C’è andato di mezzo Evo Morales, presidente boliviano, una delle cosiddette figure ‘bolivariste’ dell’America latina dei giorni nostri –lui, il presidente dell’Ecuador Correa, quello del Venezuela Maduro– cui l’opinione pubblica europea guarda con simpatia (e quella americana come minimo con diffidenza).

Proveniente da Mosca, l’aereo di Morales deve scendere a Vienna e vi resta bloccato per una decina di ore, perché vari Paesi europei, fra cui Francia e Portogallo, rifiutano l’accesso allo spazio aereo e uno scalo tecnico. E questo perché c’era il sospetto che a bordo ci fosse la talpa del Datagate, quell’Edward Snowden che, da domenica 23 giugno, non sa più come uscire dall’area transiti dell’aeroporto Sheremetyevo di Mosca.

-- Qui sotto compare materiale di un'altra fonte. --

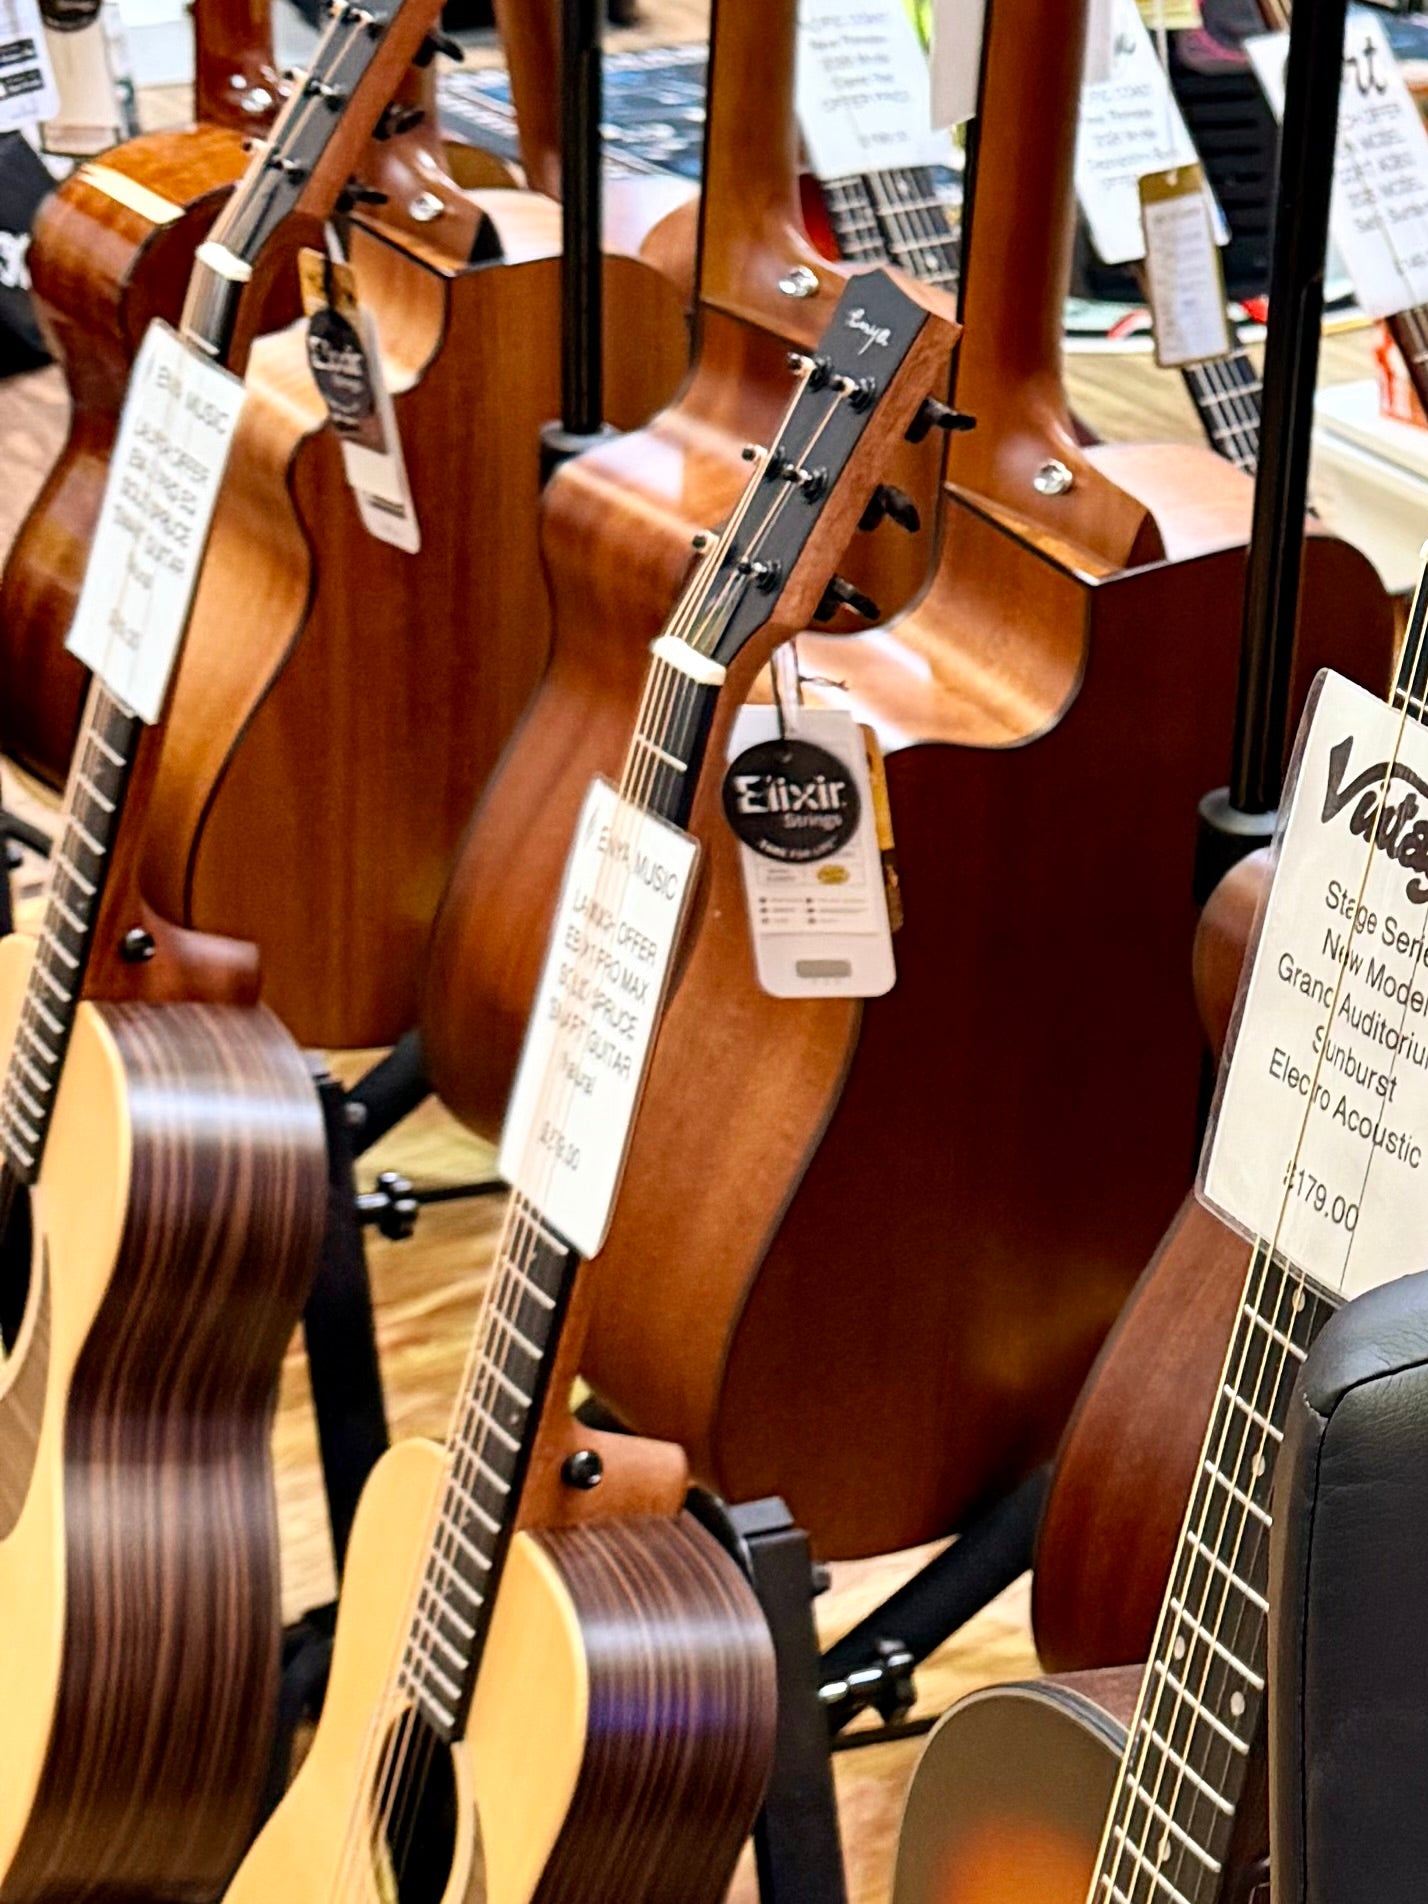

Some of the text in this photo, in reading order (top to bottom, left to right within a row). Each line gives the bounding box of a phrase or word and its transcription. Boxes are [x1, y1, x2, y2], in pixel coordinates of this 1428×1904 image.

A conti fatti, non era vero; ma, ormai, il pasticcio era fatto. L’episodio, ben al di là dei limiti dell’incidente diplomatico, dimostra quanto siano ipocrite le reazioni sdegnate dei governi europei alle ‘rivelazioni’ di Snowden che Prism serviva a spiare anche l’Ue e le ambasciate di molti dei 28. Perché, per bloccare la fuga di Snowden, gli europei, che vanno esprimendo irritazione e indignazione, e arrivano a proporre di bloccare i negoziati commerciali Ue-Usa sono subito scattati sull’attenti. Washington chiama, Parigi risponde.

Tutti pronti a esigere spiegazioni e a minacciare rimostranze, persino l’autolesionistico blocco dell’area di libero scambio transatlantica. Ma, quando gli Usa chiedono di bloccare la fuga del ‘traditore’, tutti proni alle esigenze statunitensi, a costo di mettersi in urto con mezza America latina –ma chi se n’importa?-.

Il fatto è che Morales, a Mosca, s’era mostrato possibilista sull’ipotesi che la Bolivia sia asilo a Snowden, mentre il venezuelano Maduro era stato più cauto e l’ecuadoriano Coreea, che non era a Mosca, s’era già smarcato. La ricostruzione dei fatti è di parte: viene dal ministro degli esteri boliviano Choquehuanca, mentre il ministro della difesa Saavedra dice che Francia, Italia, Spagna e Portogallo hanno poi dato le autorizzazioni necessarie, una volta accertato che Snowden non era sull’aereo.

Morales s’è sentito trattare come “un criminale”, La Paz denuncia “l’aggressione”. Venezuela ed Ecuador testimoniano solidarietà alla Bolivia. Le altre cancellerie tacciono, salvo per rifiutare l’asilo a Snowden. Che resta a Mosca e si rende sempre più conto di quanto sarà difficile venirne via.